What needs to be done
Nothing but the text belongs in the answer: the listing below, copied exactly, without pictures.
* * * *
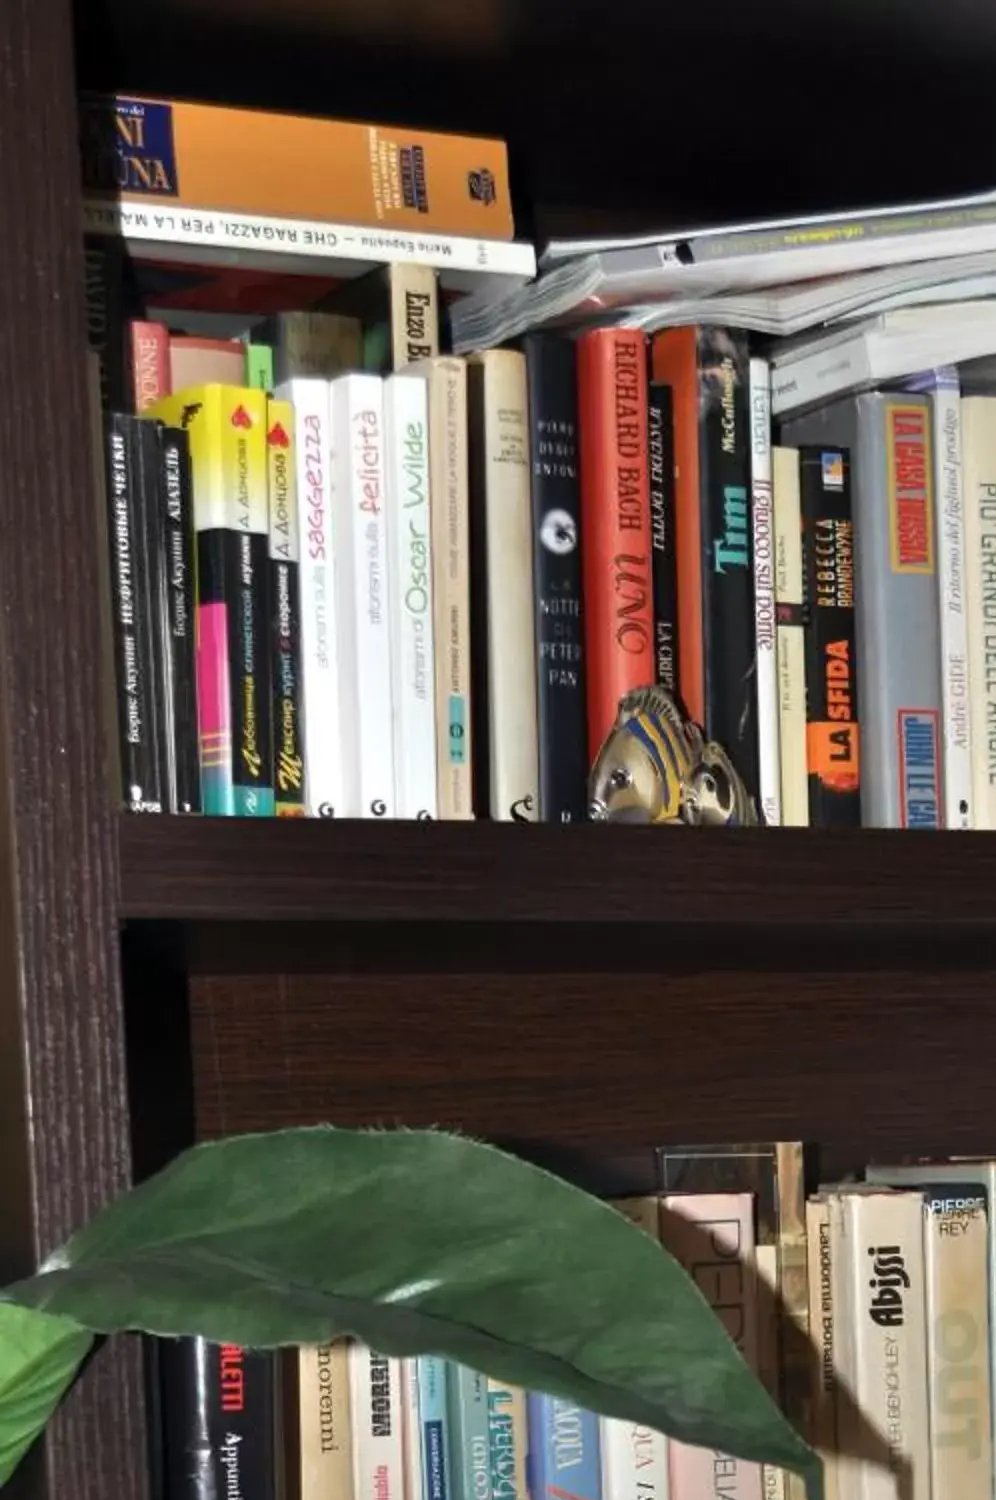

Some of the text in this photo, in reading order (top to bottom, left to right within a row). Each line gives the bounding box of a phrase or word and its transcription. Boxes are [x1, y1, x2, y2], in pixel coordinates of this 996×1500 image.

[153, 215, 174, 231] LA
[181, 217, 214, 234] PER
[303, 229, 338, 246] CHE
[417, 242, 453, 256] Mario
[404, 290, 431, 339] Enzo
[613, 340, 643, 460] RICHARD
[165, 446, 182, 522] АЗАЗЕЛЬ
[271, 453, 289, 537] Донцова
[353, 409, 383, 516] felicità
[617, 465, 643, 533] BACH
[893, 411, 929, 565] LA CASA RUSSIA
[403, 421, 429, 614] Oscar Wilde
[712, 485, 751, 575] Tim
[816, 519, 836, 607] REBECCA
[825, 639, 851, 762] LA SFIDA
[904, 717, 937, 794] JOHN LE
[885, 1336, 901, 1418] BENCHLEY
[934, 1309, 981, 1462] OUT
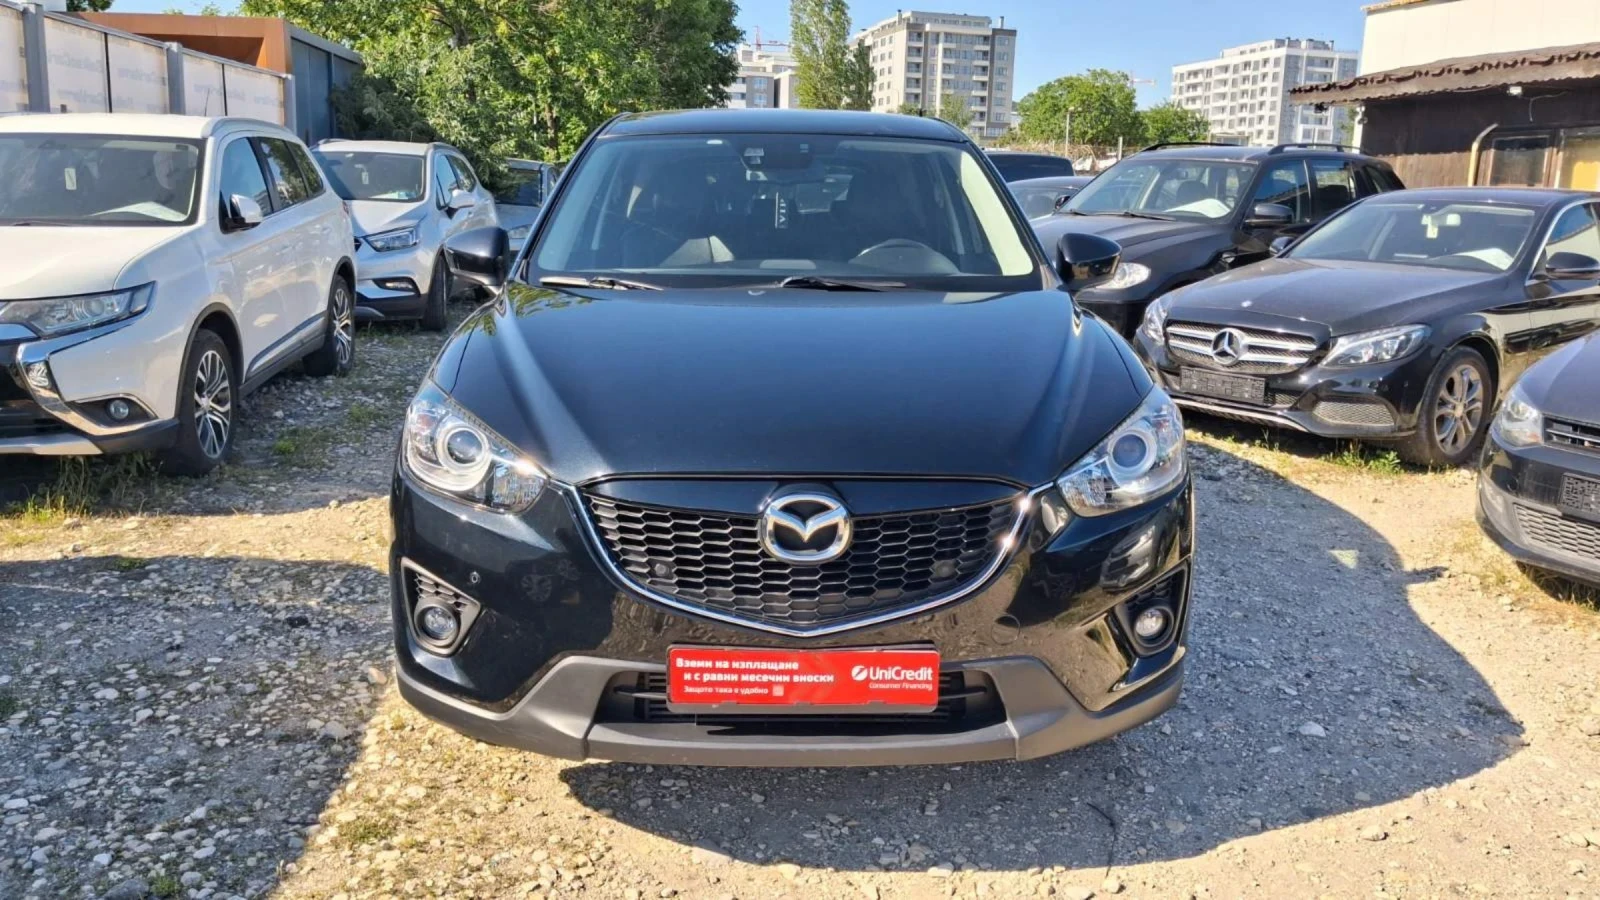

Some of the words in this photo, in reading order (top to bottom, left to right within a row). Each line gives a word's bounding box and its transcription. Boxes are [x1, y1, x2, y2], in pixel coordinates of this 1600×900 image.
* * * *
Response
Some of the text in this photo, in reading order (top to bottom, left to right within a row). Each line gives the bounding box of a phrase or word and its transcription. Boxes are [x1, y1, x2, y2], in pixel coordinates of this 996×1500 image.

[153, 215, 174, 231] LA
[181, 217, 214, 234] PER
[303, 229, 338, 246] CHE
[417, 242, 453, 256] Mario
[404, 290, 431, 339] Enzo
[613, 340, 643, 460] RICHARD
[165, 446, 182, 522] АЗАЗЕЛЬ
[271, 453, 289, 537] Донцова
[353, 409, 383, 516] felicità
[617, 465, 643, 533] BACH
[893, 411, 929, 565] LA CASA RUSSIA
[403, 421, 429, 614] Oscar Wilde
[712, 485, 751, 575] Tim
[816, 519, 836, 607] REBECCA
[825, 639, 851, 762] LA SFIDA
[904, 717, 937, 794] JOHN LE
[885, 1336, 901, 1418] BENCHLEY
[934, 1309, 981, 1462] OUT

Some of the words in this photo, in reading order (top to bottom, left to right within a row). Each line gives a word's bounding box and its transcription. Boxes are [x1, y1, x2, y2], in pixel coordinates of this 1600×900 image.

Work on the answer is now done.